Chelsea bouncer 'rampage'
Police arrest suspect after 4 shot, 1 killed in club chaos
BY OREN YANIV, ROBERT F. MOORE and LEO STANDORA
DAILY NEWS STAFF WRITERS
A bar bouncer enraged by a drunk patron pulled out a gun and shot four men - one fatally - outside a Chelsea nightspot last night, police said.
The suspect, Stephen Sakai, fled but was collared early this morning in Brooklyn, cops said. Witnesses told cops the violence erupted when an intoxicated man refused to leave Opus 22 on W. 22nd St. at 11th Ave. and began jawing at the burly bouncer.
"The guy had a few too many and he kept acting up and I guess the bouncer decided to resolve this by shooting him," one witness said. "He pulled a gun and got him point-blank in the chest," in front of the club, the witness said.
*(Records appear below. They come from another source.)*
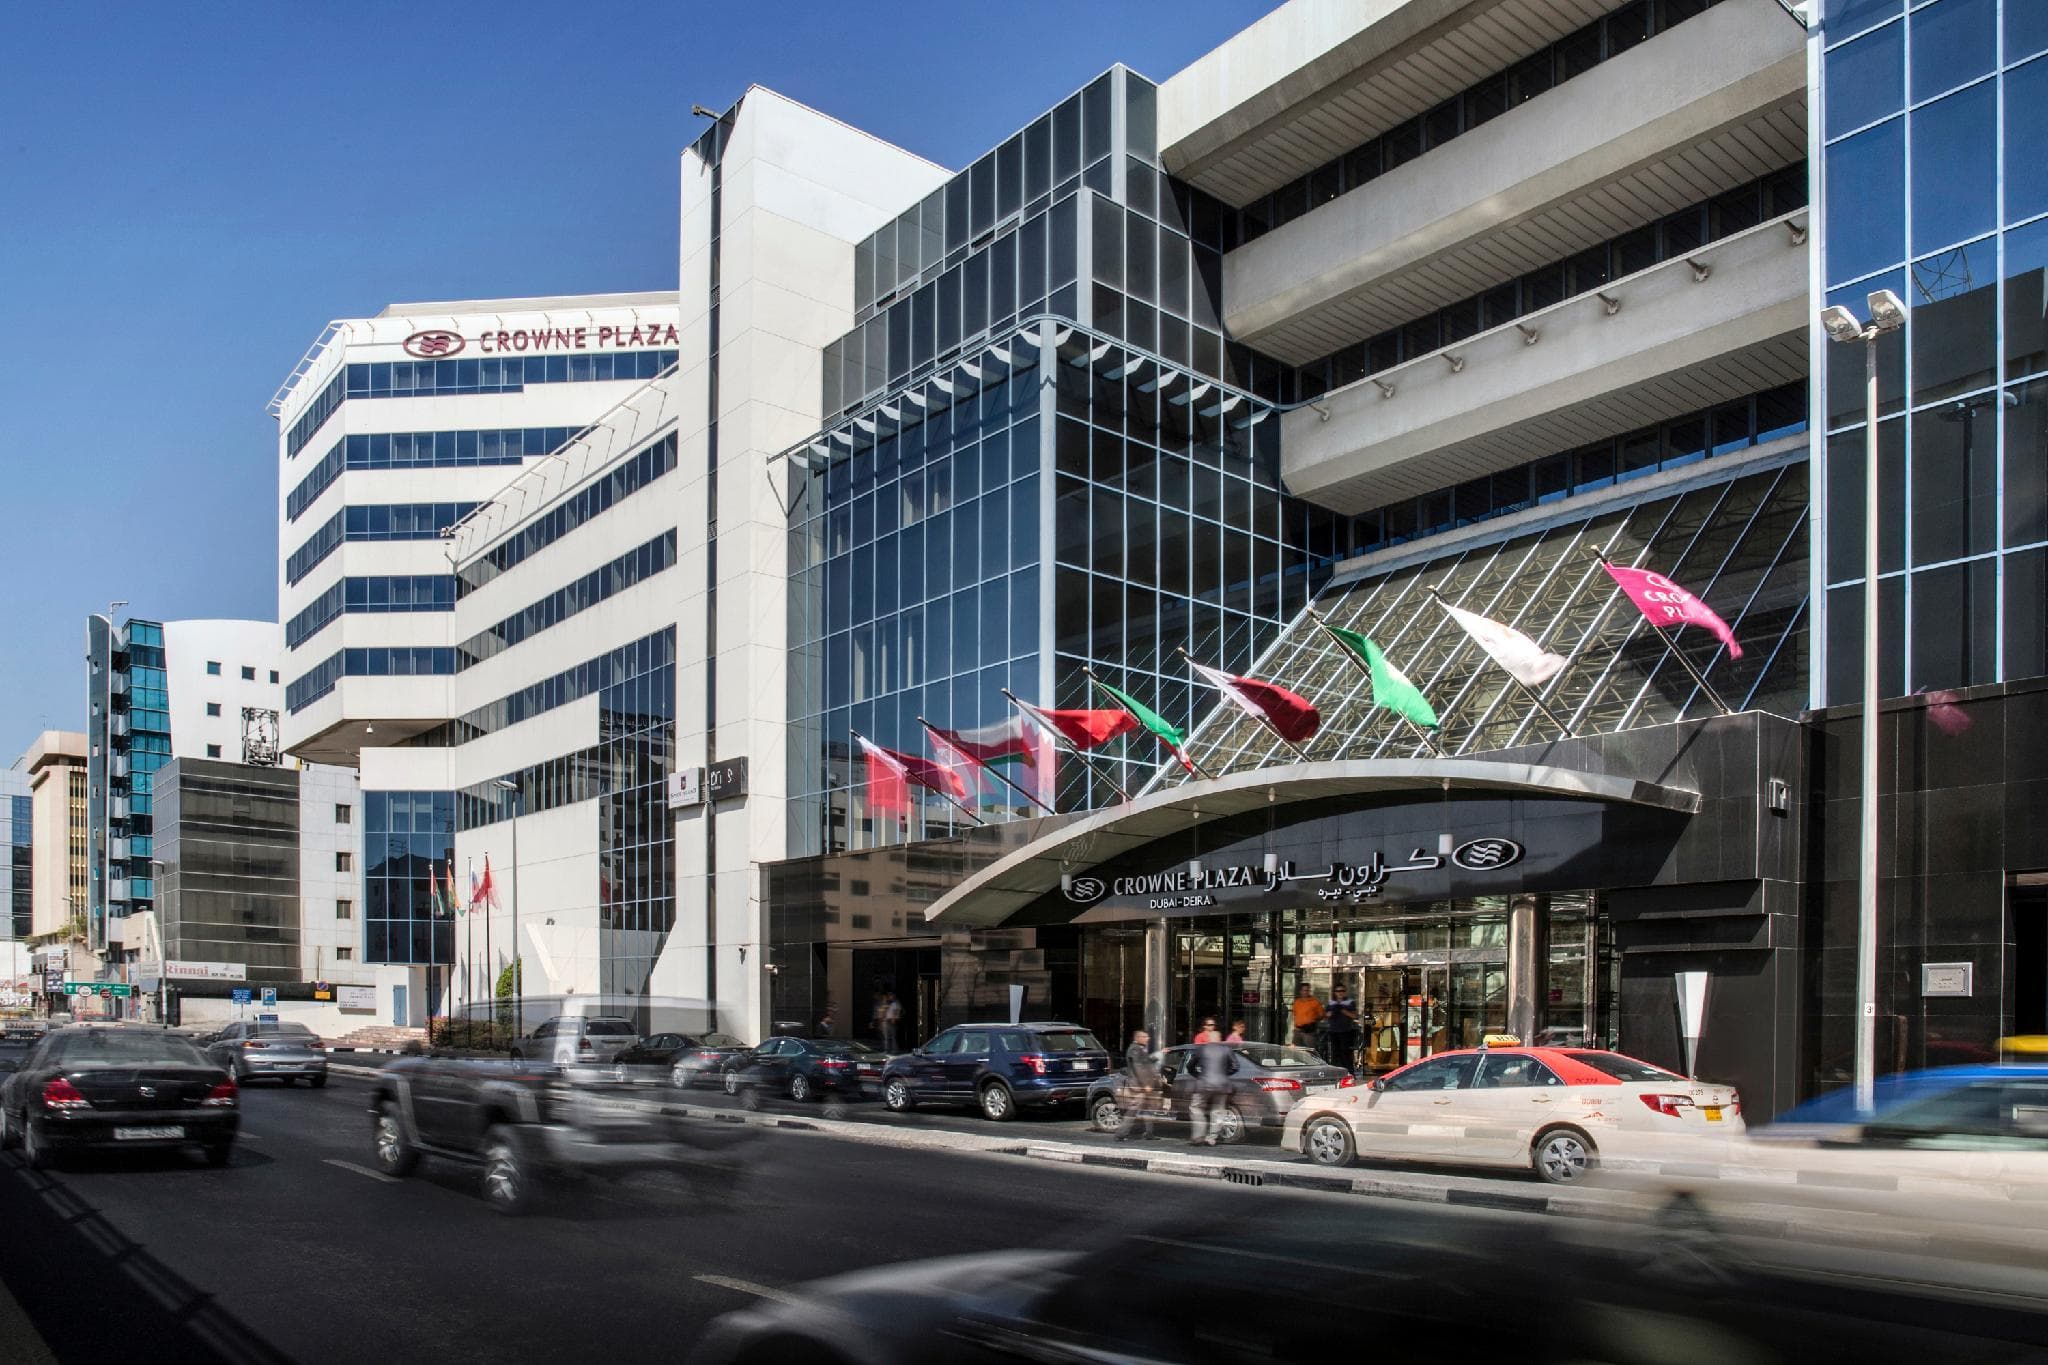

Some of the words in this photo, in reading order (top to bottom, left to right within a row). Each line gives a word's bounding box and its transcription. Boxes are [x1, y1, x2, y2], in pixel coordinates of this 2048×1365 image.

[480, 327, 586, 352] CROWNE
[599, 324, 679, 346] PLAZA
[1114, 872, 1186, 896] CROWNE
[1194, 866, 1252, 890] PLAZA
[1339, 848, 1439, 886] كراون
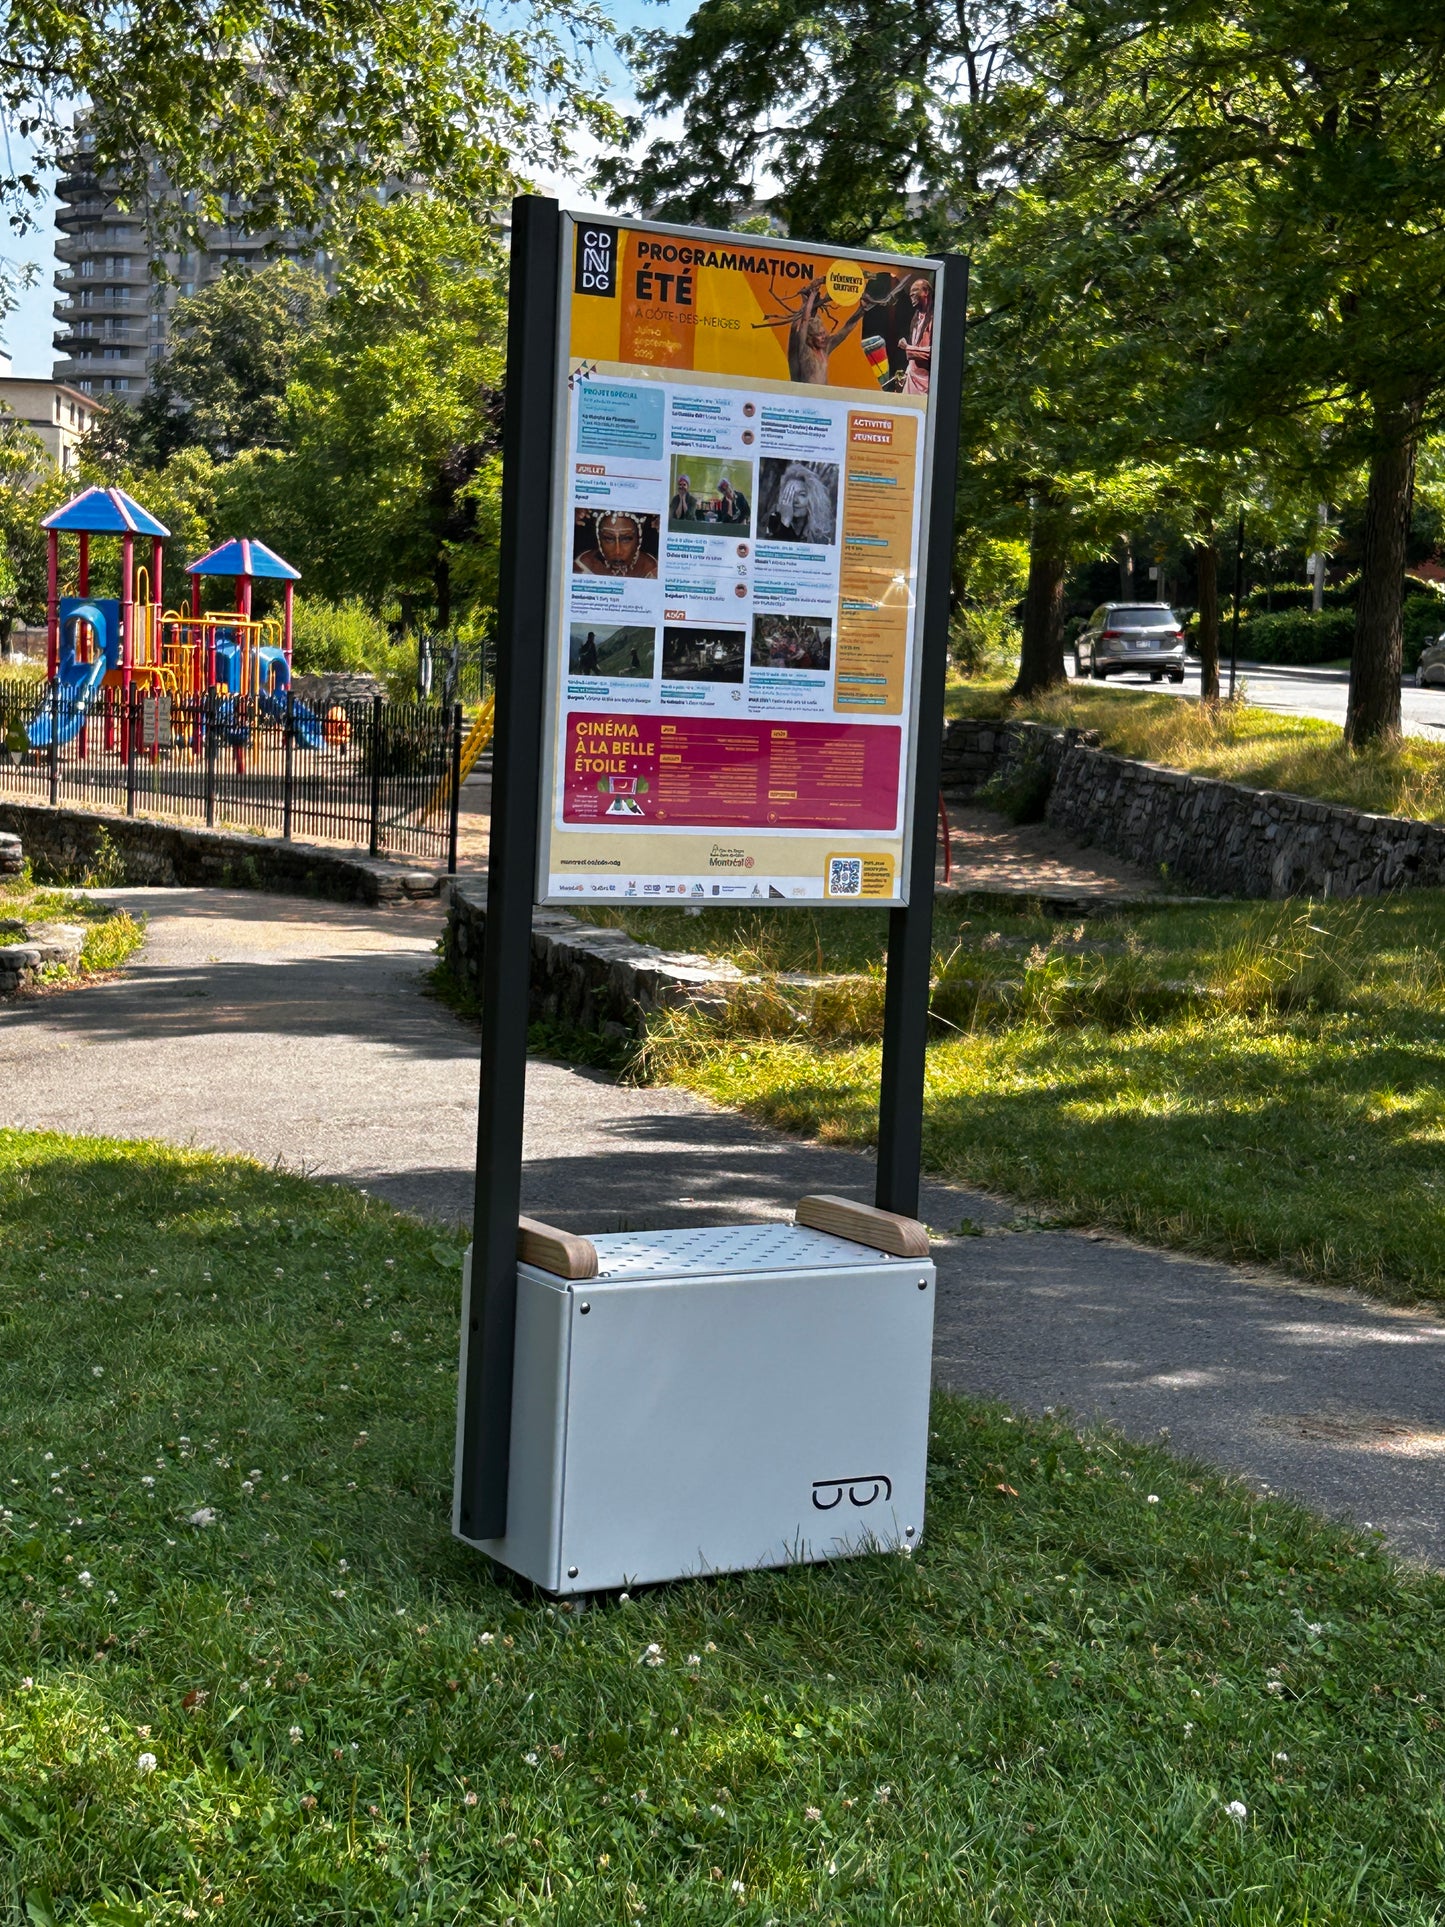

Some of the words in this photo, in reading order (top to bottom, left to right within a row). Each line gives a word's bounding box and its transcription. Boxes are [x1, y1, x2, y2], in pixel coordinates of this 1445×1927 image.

[583, 230, 611, 248] CD
[637, 241, 814, 280] PROGRAMMATION
[582, 272, 610, 290] DG
[636, 262, 692, 306] ÉTÉ
[853, 432, 890, 443] JEUNESSE
[575, 719, 640, 738] CINÉMA
[574, 737, 587, 755] À
[589, 740, 609, 756] LA
[612, 742, 655, 757] BELLE
[574, 755, 627, 774] ÉTOILE
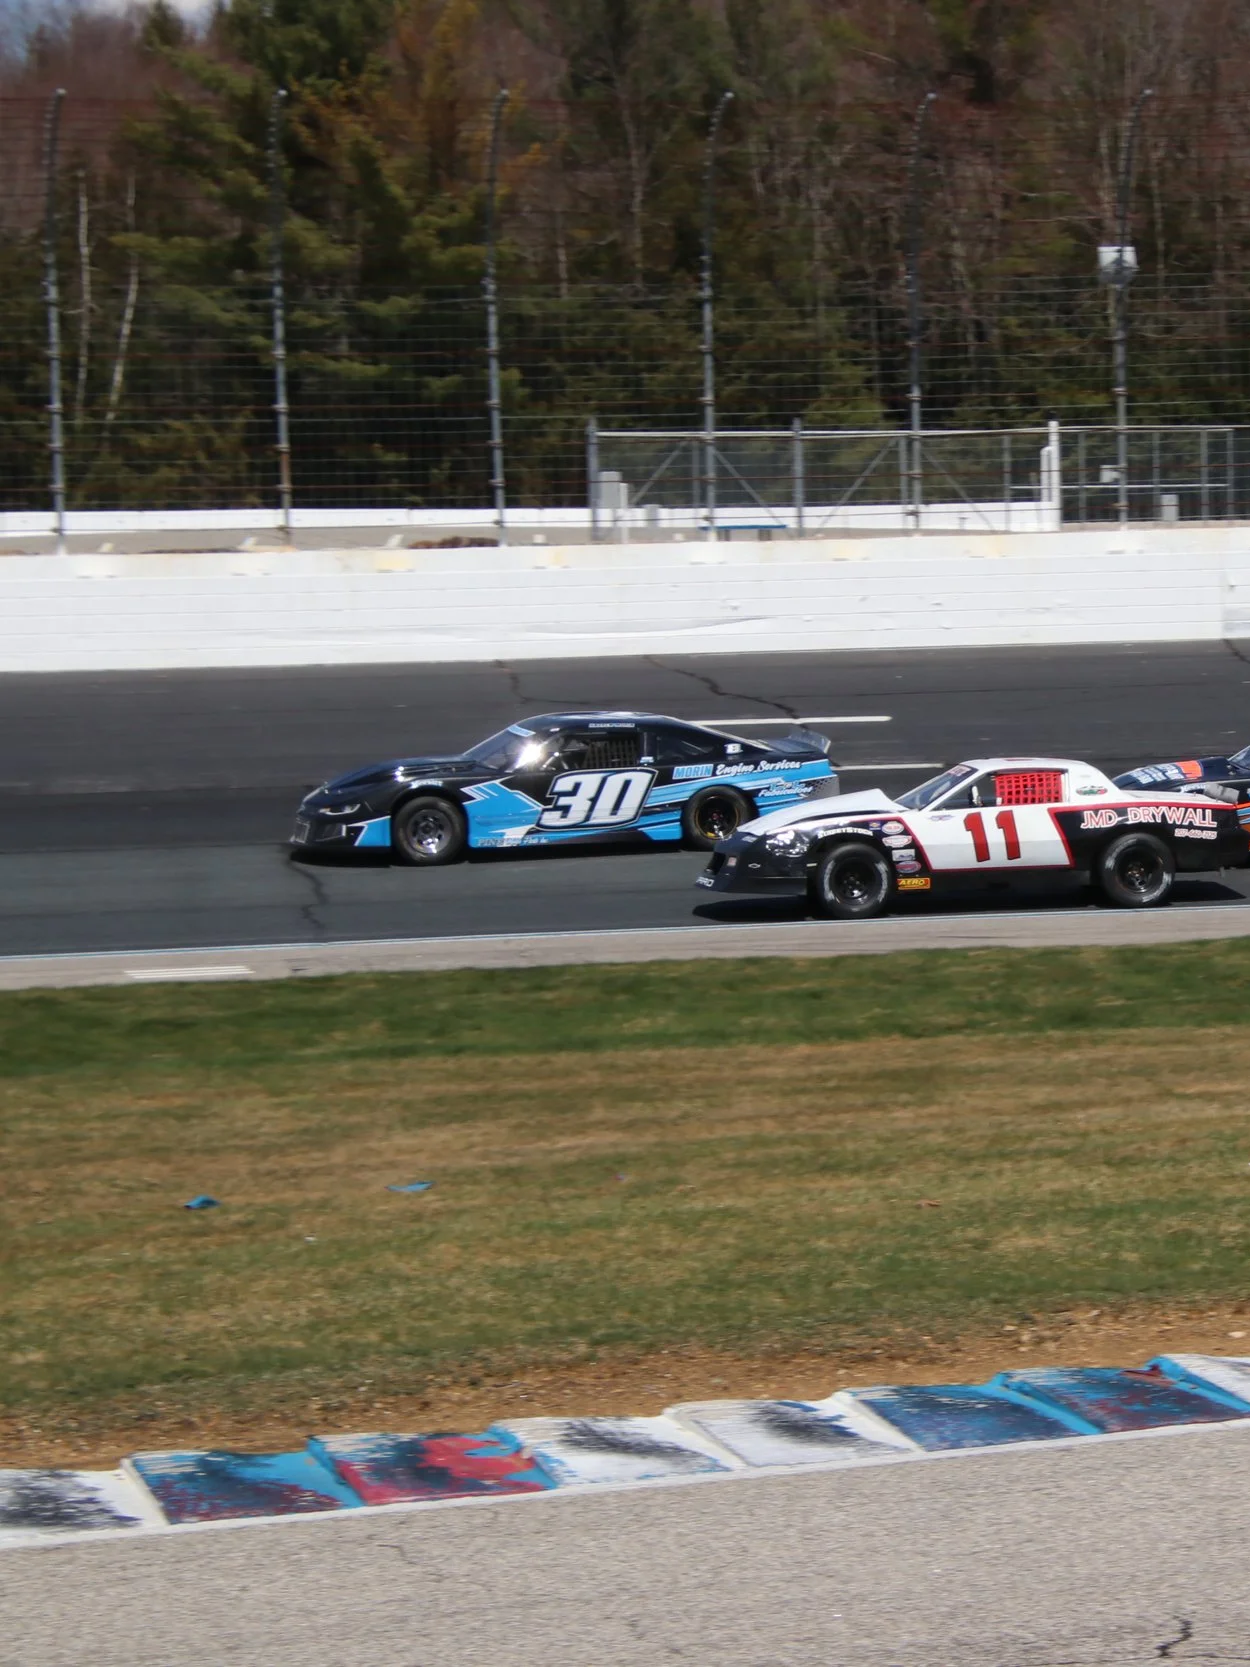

When the mortally wounded man fell to the pavement, one of his buddies confronted Sakai, yelling, "Why did you shoot my friend?"
another witness said. "The bouncer asked him, 'You want some, too?' and then shot him, too."
Cops said Sakai, of Brooklyn, also used his .45-caliber handgun to wound two other men - one in the neck, the other in the left shoulder.
The victims were taken to St. Vincent's and Bellevue hospitals last night for emergency surgery.
A 23-year-old at St. Vincent's was said to be in grave condition.
The conditions of the others, a 28-year-old at St. Vincent's and a 21-year-old at Bellevue, weren't immediately known. None of the victims' names was released.
Cops said that after firing, the bouncer pushed his way through a crowd of several dozen people on the street and ran away. Cops described Sakai as a few inches short of 6 feet, 240 pounds and sporting a goatee.
He was busted at Nostrand and Park Aves. in Brooklyn about four hours after the mayhem, cops said.
Cops and witnesses said all the victims were at a private open-mike party at the club and refused to leave to make way for another event at about 11 p.m.
After a lot of pushing, shoving and heated words, police said Sakai and other bouncers managed to herd the group outside.
Investigators said the drunk and his pals apparently wanted to reenter the club but refused to pay a $20 admission fee.
"They were still yelling at each other on the street," said one witness who had arrived for the second party. "It looked like the bouncer was having a bad day. He had a gun and he just went on a rampage."
"At first we thought it was a BB gun because he shot so close. But the first guy didn't get up and eventually you could see a pool of blood coming out," he said.
DJ Will, 30, was getting ready to work the second event when he heard the shots and screams from bystanders.
"I saw one dude on the ground and another down the block," he said. "They were saying, 'Yo, yo, I'm bleeding. Oh my God.' "
The dead man was slumped on the sidewalk in front of the club.
A small army of cops, heavily armed and in riot gear, descended on the club because at first it was thought the gunman was inside.
The bloodbath was bound to refocus attention on bar bouncers, already under scrutiny because of the Imette St. Guillen murder case.
The 24-year-old John Jay College grad student was killed in February, allegedly by Darryl Littlejohn, 41, the ex-con bouncer of The Falls bar in SoHo, where St. Guillen was last seen alive.